A Letter to the Parent I Was Before ABA
Dear “Before” Me,
I remember how it felt.
You sat in the car outside the therapy center, hands wrapped around a coffee you forgot to drink, wondering what all those acronyms meant. BCBA? RBT? ABA? You were exhausted, overwhelmed, and afraid to hope too much.
I wish I could sit next to you now and tell you what I’ve seen since then.
At first, it felt strange to watch strangers play on the floor with your child, pointing to pictures, clapping, cheering over every tiny thing. You worried: Isn’t this too structured?
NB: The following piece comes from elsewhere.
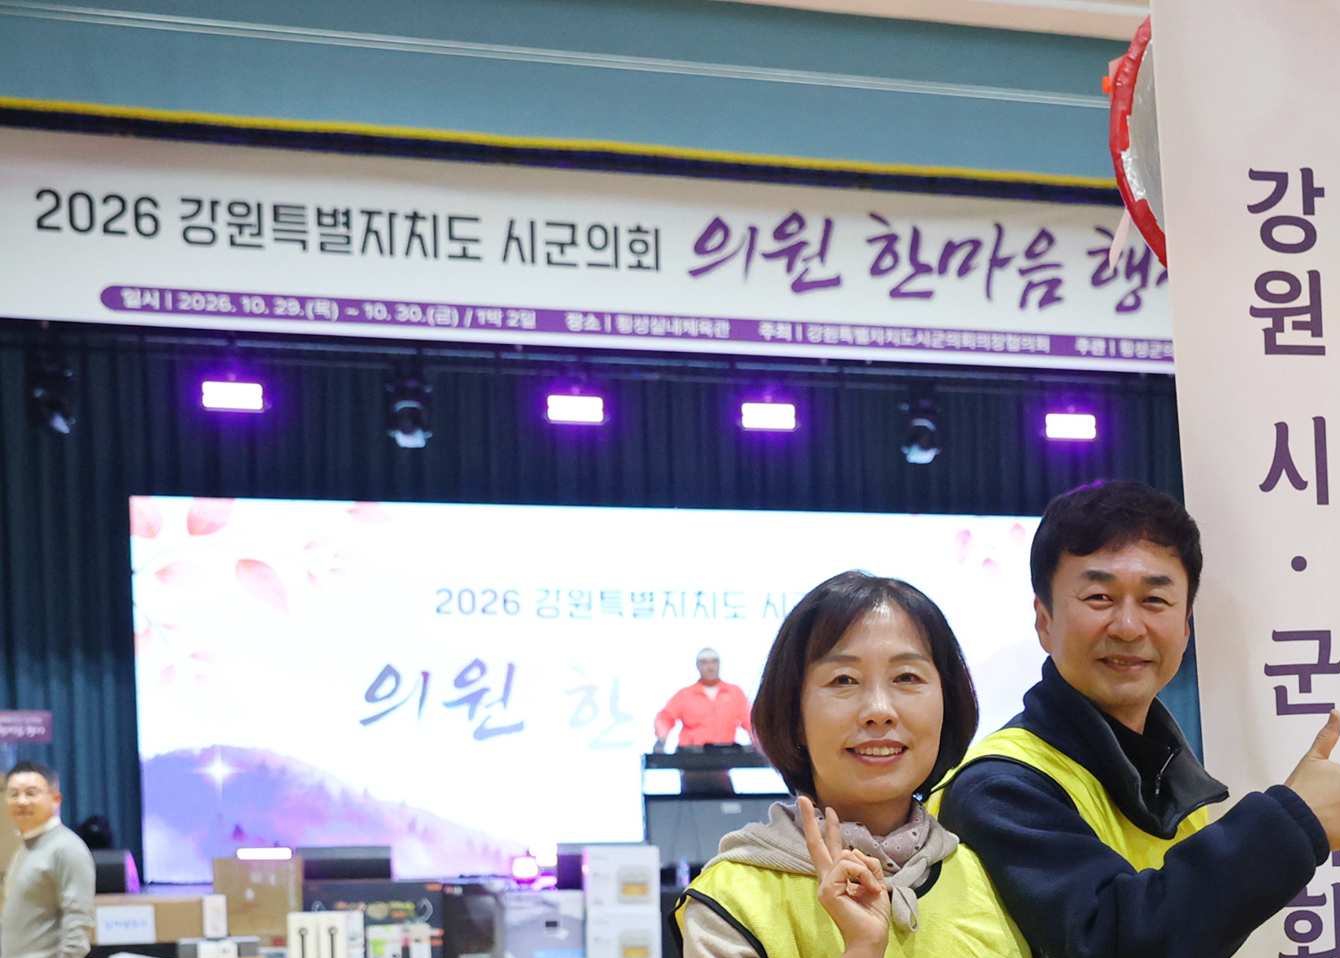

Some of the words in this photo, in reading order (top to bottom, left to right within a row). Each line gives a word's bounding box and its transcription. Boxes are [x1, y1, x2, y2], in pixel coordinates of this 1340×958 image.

Will my child feel pressured?
But then — little by little — something shifted.
One day, your child made eye contact when you called their name.
One day, they reached for your hand instead of pulling away.
One day, they used words instead of tears.
And you realized: it wasn’t about forcing your child to change.
It was about teaching them the tools to share the beautiful person they already are with the world.
You’ll see, too, how ABA becomes part of everyday life.
How you start waiting just an extra beat to let them request.
How you catch yourself praising effort instead of just results.
How the team becomes part of your family — not to “fix” your child, but to help you both discover new ways to connect.
There will still be hard days. Therapy isn’t magic. Progress isn’t always linear. But each small gain matters more than you can imagine.
So if you’re sitting in that car, unsure and overwhelmed: it’s okay.
Take a deep breath. Step inside.
There’s a whole team waiting to walk this path with you — and they see the potential that sometimes fear makes you forget.